In the self-defined shape and letterCloud() function, size and wordSize need to be considered to return a desired wordcloud.
If the range of words’ count is too large, doing som data preprocessing might be helpful to create a better word cloud such as removing words with the least frequency.
-
As mentioned above, we chose to insert the word cloud in order to avoid possible knitting issues. However, a word cloud in HTML is interactive. When we move the mouse on the word, it shows the frequency of this word:
21.7 Common Problems
Having issue after downloading from CRAN?
It is recommended to use the github sources as mentioned in the beginning of this tutorial.
-
Unable to show the word cloud?
There is no other method to solve this problem otherwise refreshing the window you could try to either refresh it using the button on the top right corner or open it as in html in a new window.

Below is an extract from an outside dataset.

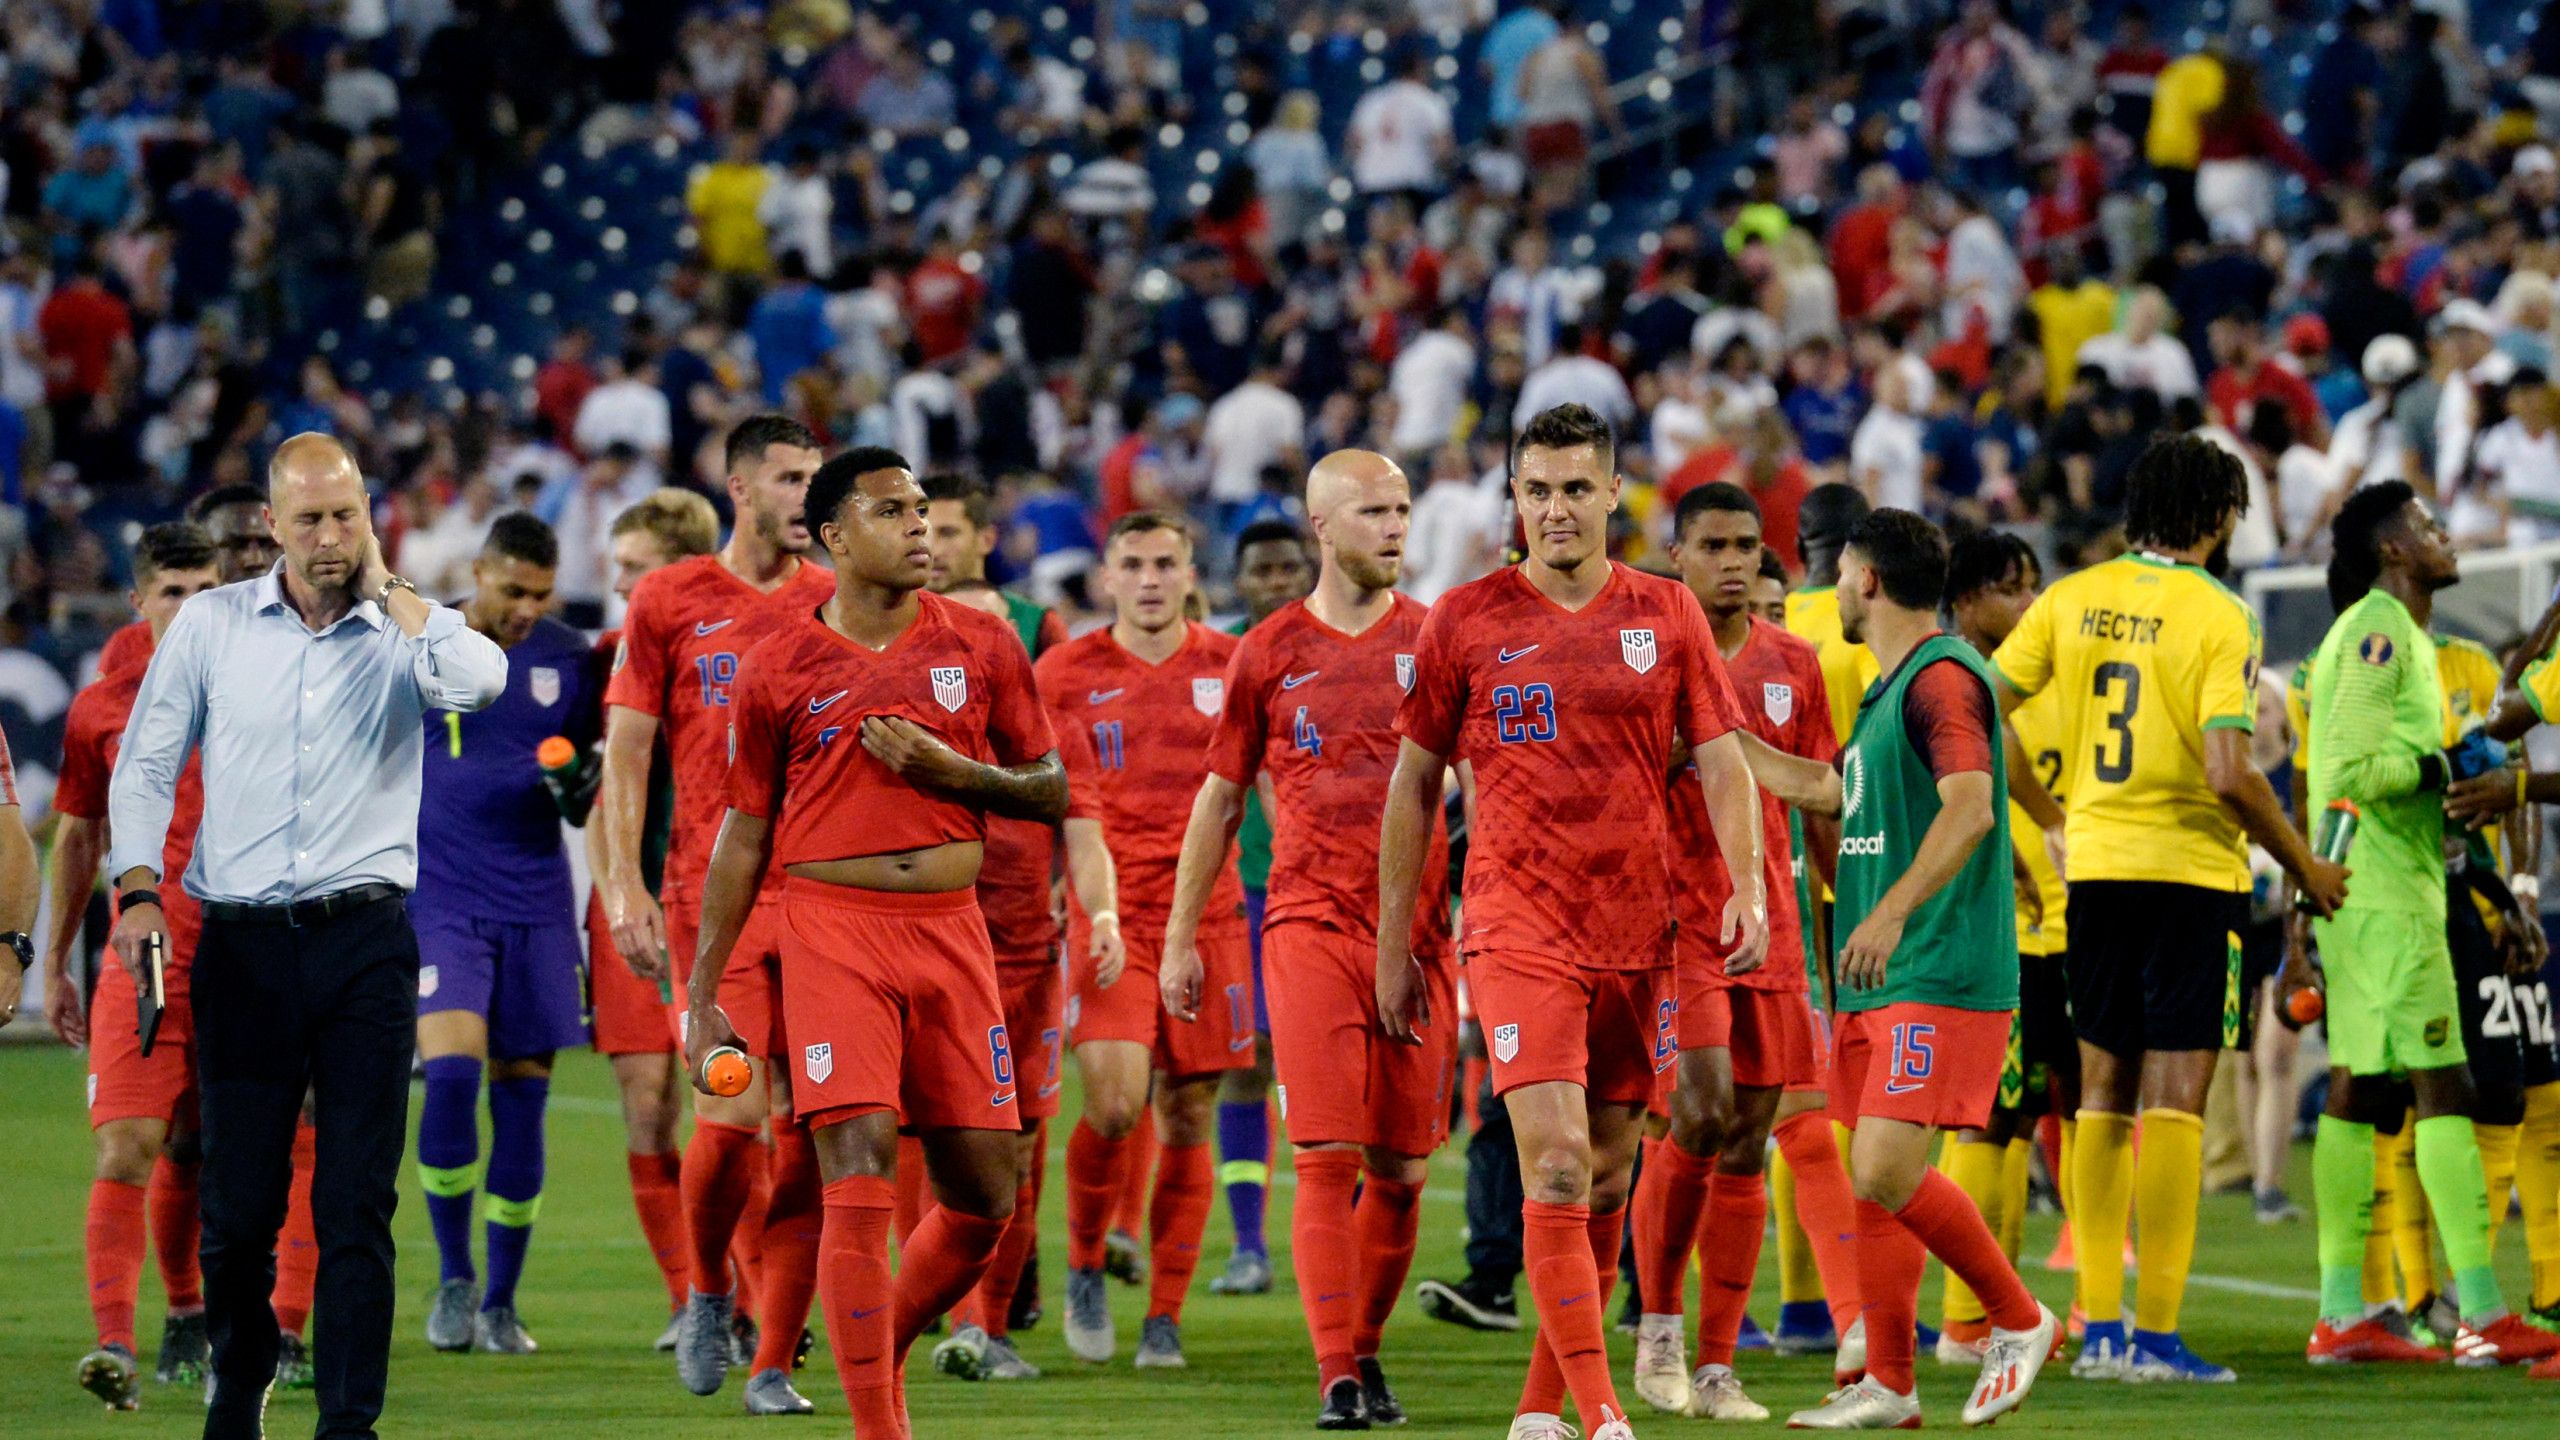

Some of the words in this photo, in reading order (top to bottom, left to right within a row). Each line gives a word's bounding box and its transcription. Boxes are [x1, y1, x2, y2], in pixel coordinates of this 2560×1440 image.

Same for .rmd file.
How to knit the word cloud into a pdf?
wordcloud2 returns HTML widgets. You could either save the image and insert it manually or using package webshot
More Problem?
This Github page by the packagre creator might be helpful:
wordcloud2 issues
21.8 Evaluation
This project aims to summarize the main functions of the “wordcloud2” package and its advantages and disadvantages. In the process, we learned how to use a word cloud to show the frequency of words, which is a unique feature of the word cloud. This is a strong visualization function because word cloud has more visual impact than a bar chart and other visualization techniques. The larger size of the more frequently used words can catch the audience’s attention immediately. Also, users can customize the color of the word and background to fit the application. Moreover, since functions in wordcloud2 returns an HTML widget, placing the mouse over the word can see the frequency of this word, which can fit in an interactive web visualization.
There are also some disadvantages of the wordcloud2 package. Although the basic wordcloud2() function can return a stable HTML widget, customizing our own shape either by using an image or letters would lead to an empty result. The way to solve this problem is to refresh the window. This will cause a problem when knitting a pdf or HTML like this tutorial. The method we chose is to save the word cloud as an image and insert it into the HTML. However, this will lose the function of the word cloud in user interaction.
If we were to do it again, we would change a different dataset. Our current dataset is about the most frequently used English words which are very interesting. However, word clouds are more useful for analyzing audiences’ ideas such as the public opinion of a certain product. Also, wordcloud2 isn’t the only package that can generate word clouds. We could add some comparisons between different word cloud packages.